Last week I had the pleasure of delivering a short talk on Markdown at CCCKC. One of the reasons cited as a big benefit of the format is that it can be manipulated and output through Scrivener to just about anything. As I worked in Scrivener with some prior writings, I started to run into some frustrating problems, primarily with links and footnotes. This led me to find the edges of support for MultiMarkdown within Scrivener.
The developers of Scrivener do a nice job of touting its support for MultiMarkdown. While this is warranted, they don’t do enough to explain the limits of this support.
As nice as Scrivener for drafting is, TextMate is still my favorite MultiMarkdown editor. I have some considerable muscle memory dedicated to the shortcuts I built which let me to fly though text, adding reference links and footnotes. Scrivener’s document compilation features are nearly perfect. Scrivener also will sync projects to text files and folders which seems like the perfect match for this kind of workflow.

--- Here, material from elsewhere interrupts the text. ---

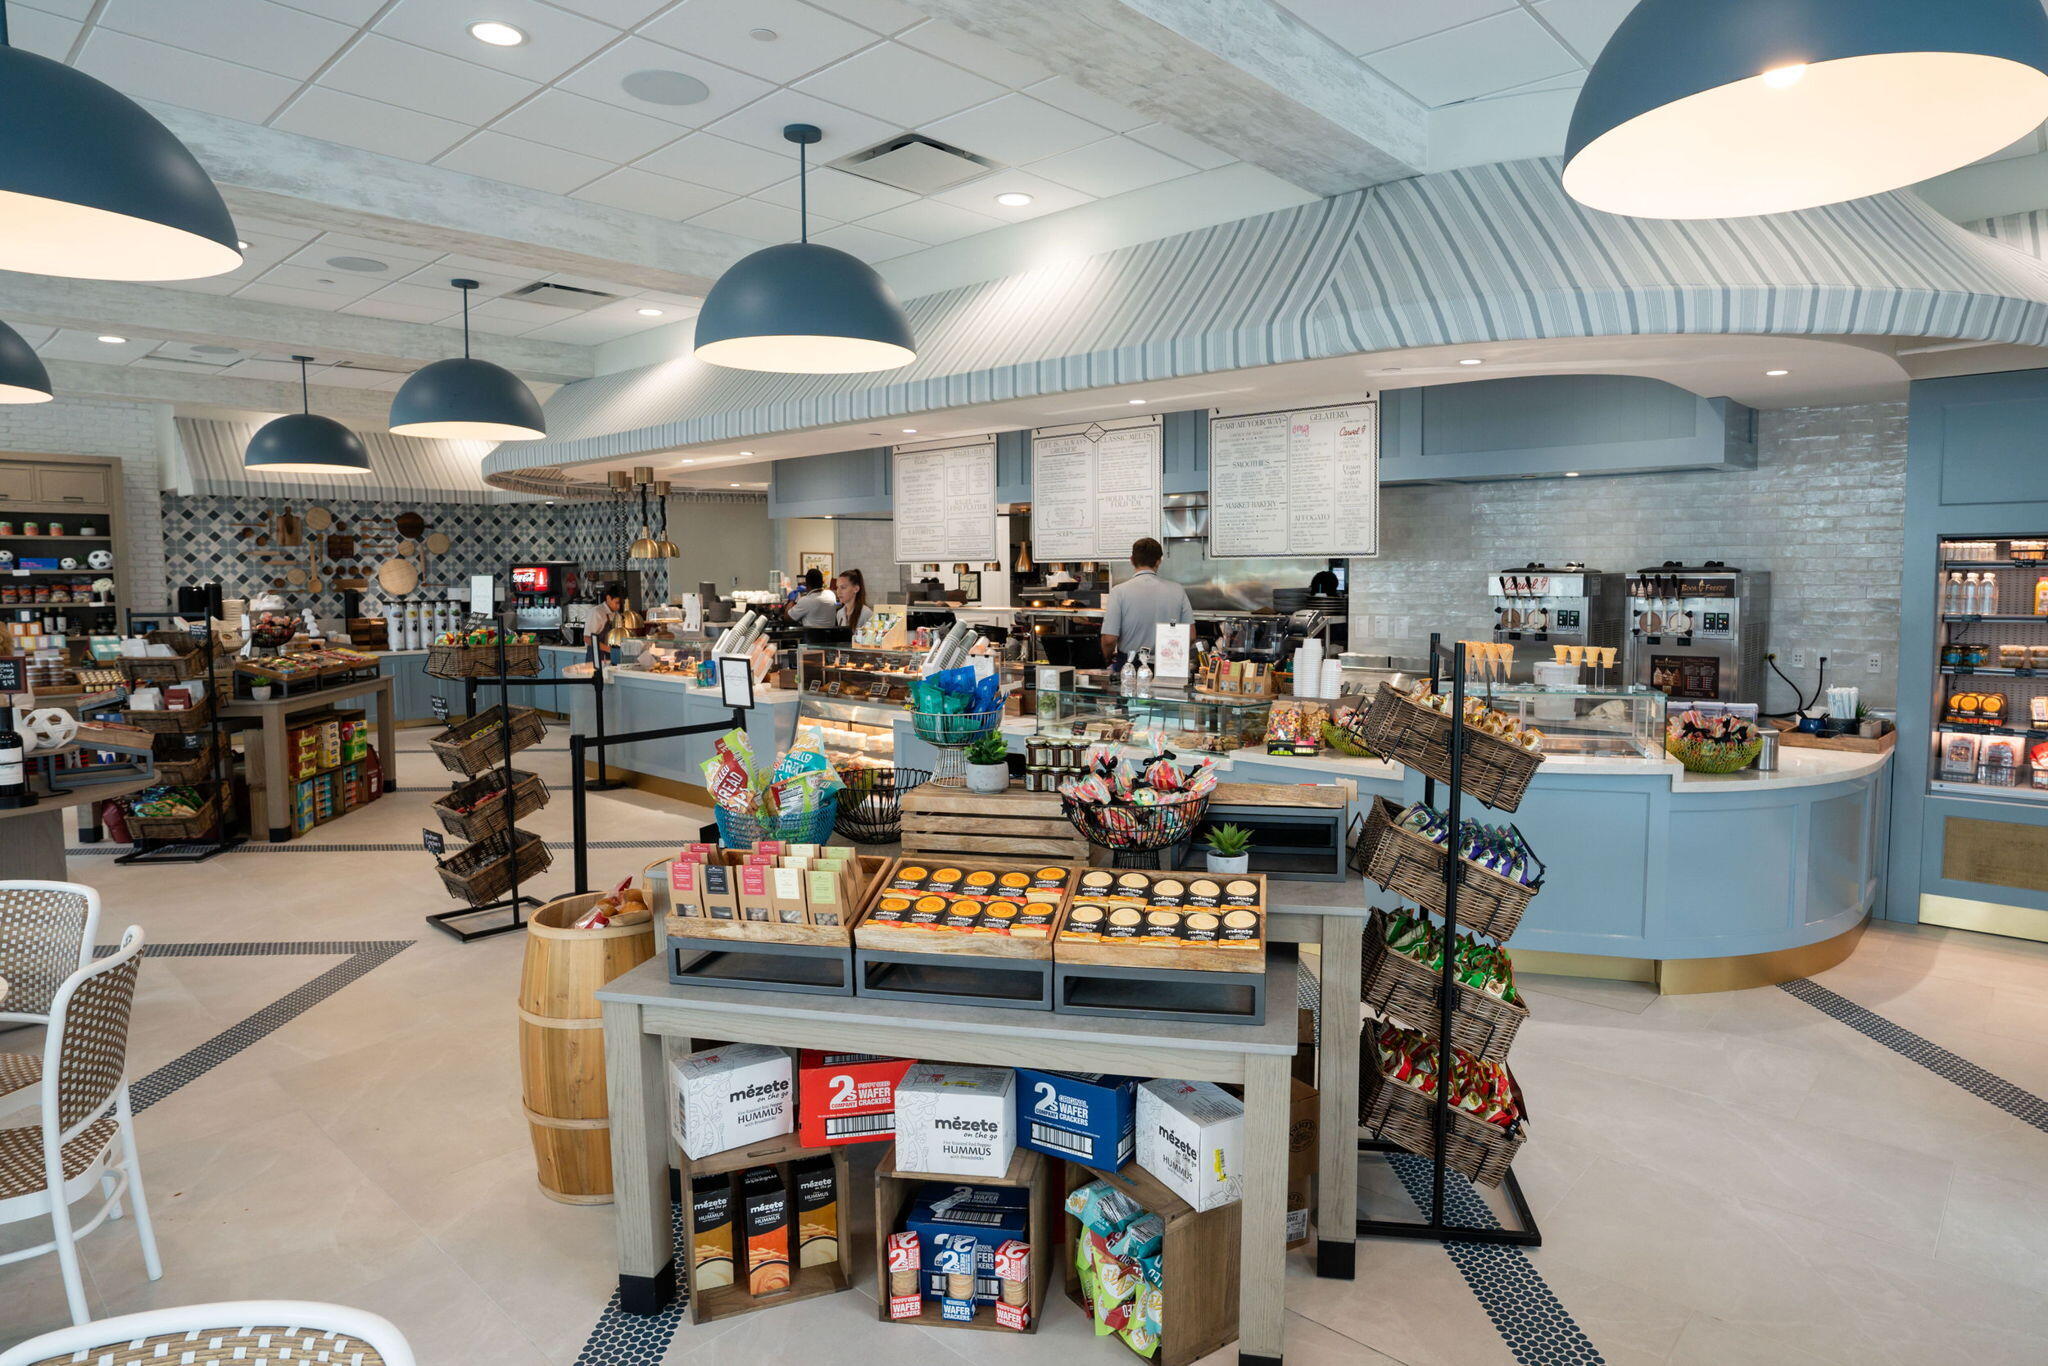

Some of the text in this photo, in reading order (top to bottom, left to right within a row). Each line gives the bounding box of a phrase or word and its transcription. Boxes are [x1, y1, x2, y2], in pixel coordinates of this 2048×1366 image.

When you read about writers using Scrivener and MultiMarkdown together, it appears that they are:
- Primarily using scrivener as their main writing program
- Using MultiMarkdown as an export format only…not as a format for working files
Here’s my problem. I want to
- Use Scrivener primarily as a document manager and other tools for my actual writing
- Use MultiMarkdown as a working and archival format, with other formats like RTF or PDF as the distributed format for my final product
The problem is that while Scrivener can convert its own link and footnote formats to MMD during a compile, it can’t go both ways. Once you sync the Scrivener document to text, you’re stuck with only adding things like text formatting to the document. If you want to add things like footnotes and links, you’re out of luck since Scrivener just sees them as plain text. It doesn’t mess up the formatting when you export to MultiMarkdown, but that’s not really the point.
When I write in Scrivener, it’s a big document which is most probably destined to end up in PDF. This means footnotes should go at the bottom of the current page and not at the end of the document which is what happens when you export to MMD. This is fine for HTML output but not for PDF.

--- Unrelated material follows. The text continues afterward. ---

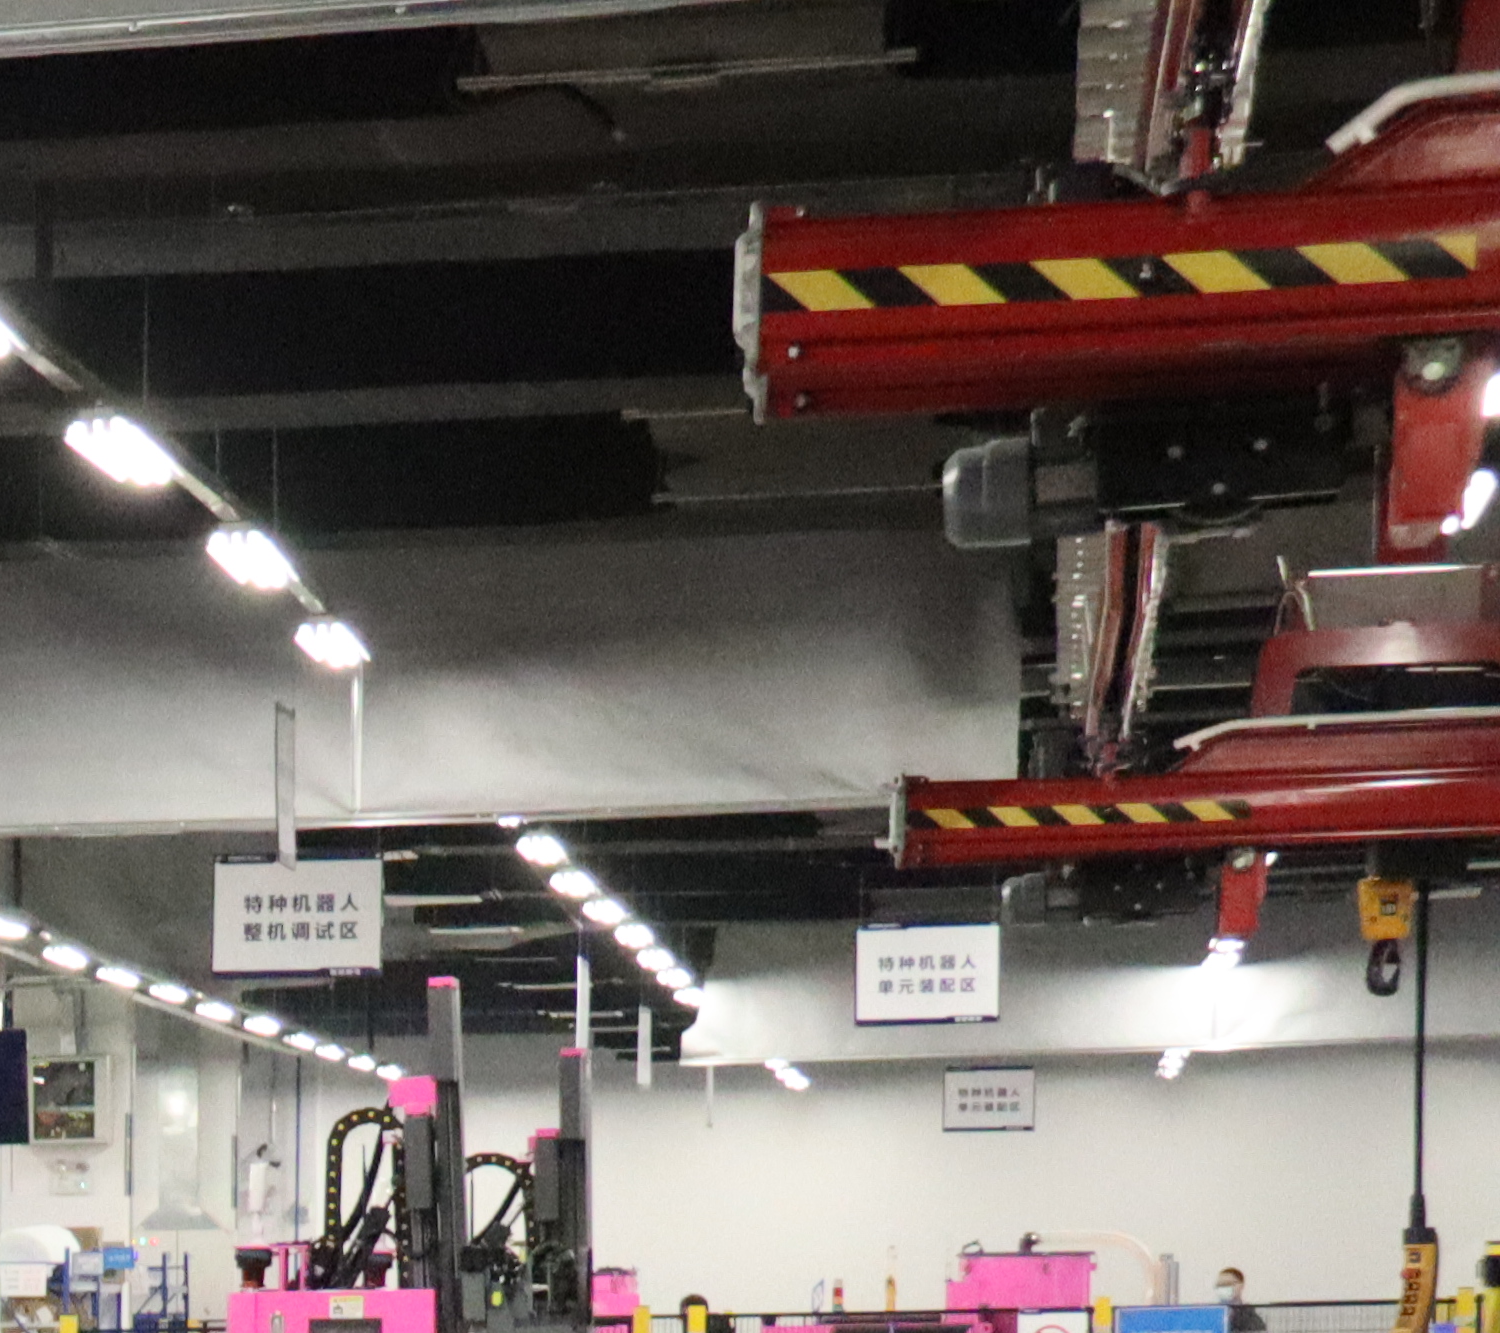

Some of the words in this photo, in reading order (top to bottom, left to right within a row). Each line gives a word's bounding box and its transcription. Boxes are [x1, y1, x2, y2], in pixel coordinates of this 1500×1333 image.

There are two possible workarounds for this. First is to export from Scrivener as MultiMarkdown then to LaTeX. The second is to go from MultiMarkdown to OpenDoc then to PDF. Neither of these options is great at this point.
LaTeX shows some real promise, but holy crap it appears to be very complex. The approach is the right one in that it it formats based on my markup and a style sheet outputting to a beautiful PDF. Great in theory. However there is a reason that students outside the physics and match departments of universities never hear about this. The syntax is really tough to pick up quickly. As much as I want to set up templates that conform with the styles I’ve developed based on Typography for Lawyers it looks like it would take a considerable amount of time or effort.

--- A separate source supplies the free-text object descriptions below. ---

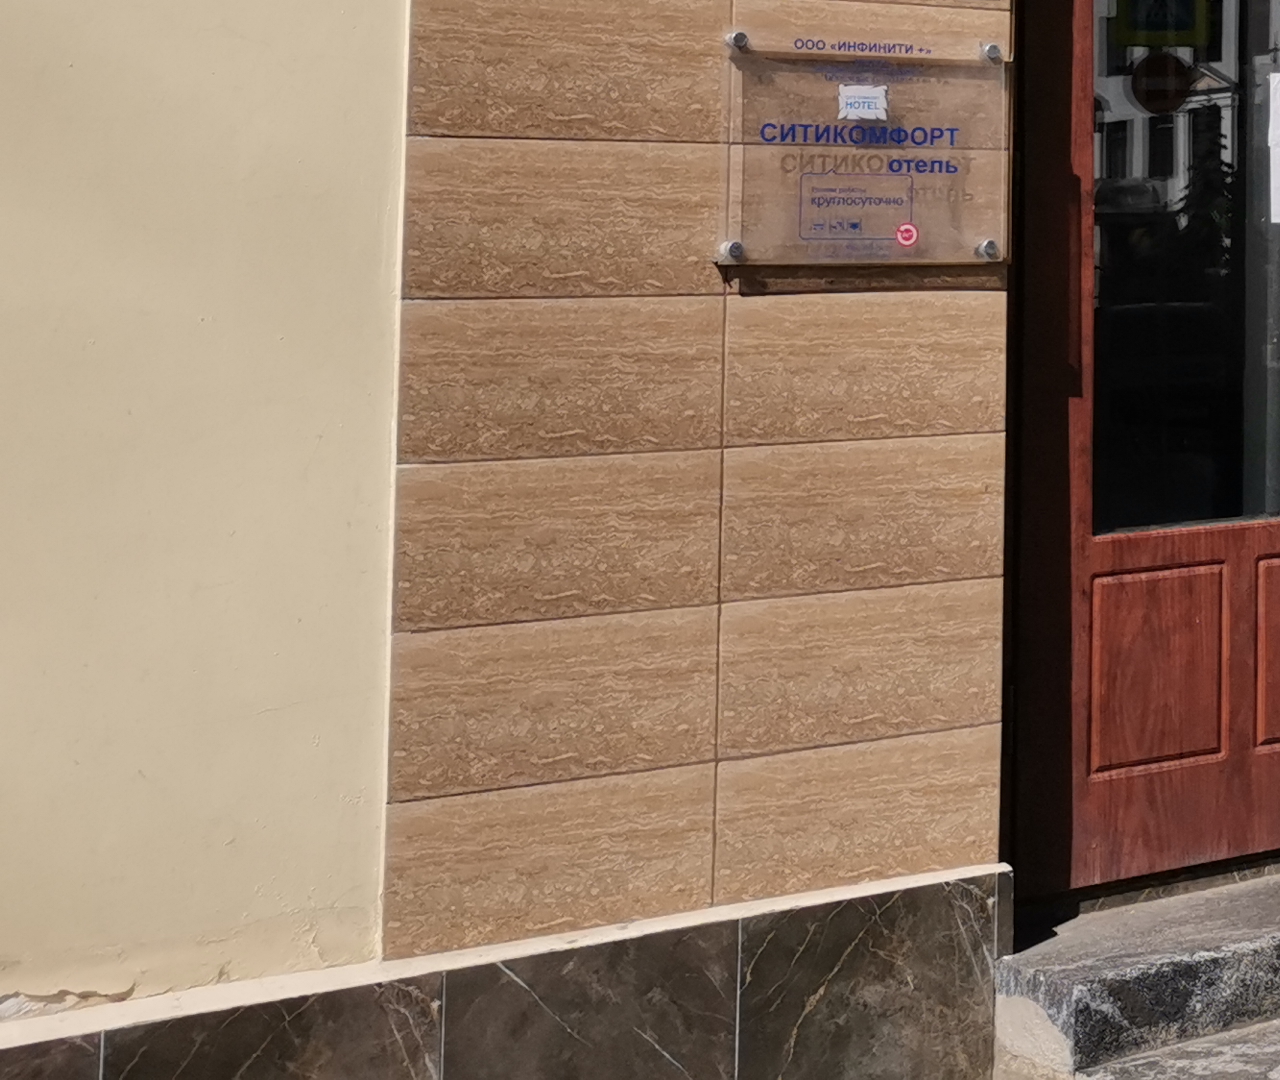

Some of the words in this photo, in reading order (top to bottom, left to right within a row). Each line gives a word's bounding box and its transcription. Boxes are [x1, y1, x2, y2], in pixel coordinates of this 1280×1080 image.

[794, 39, 826, 51] ООО
[830, 41, 914, 55] «ИНФИНИТИ
[845, 101, 880, 110] HOTEL
[760, 122, 960, 146] СИТИКОМФОРТ
[888, 158, 959, 174] отель
[811, 196, 905, 208] круглосуточно

Round tripping through ODF brings its own set of headaches. LibreOffice and OpenOffice are crazy ugly and their support for styles is confusing and bizarre. Most importantly there is no way to apply a set of styles to the entire document once it’s been imported. If you’re only tweaking the typeface and font size it’s no big deal but I’m way to particular about the typesetting to view this as a good option.
While I hope to update this post, crossing out all that I’ve said about Scrivener’s handling of incoming MMD syntax, I’m not optimistic. For now, I’m sticking to using Scrivener as my primary editor when I’m looking to publish to PDF and TextMate for everything else.
Hopefully they will open the other side of the street soon.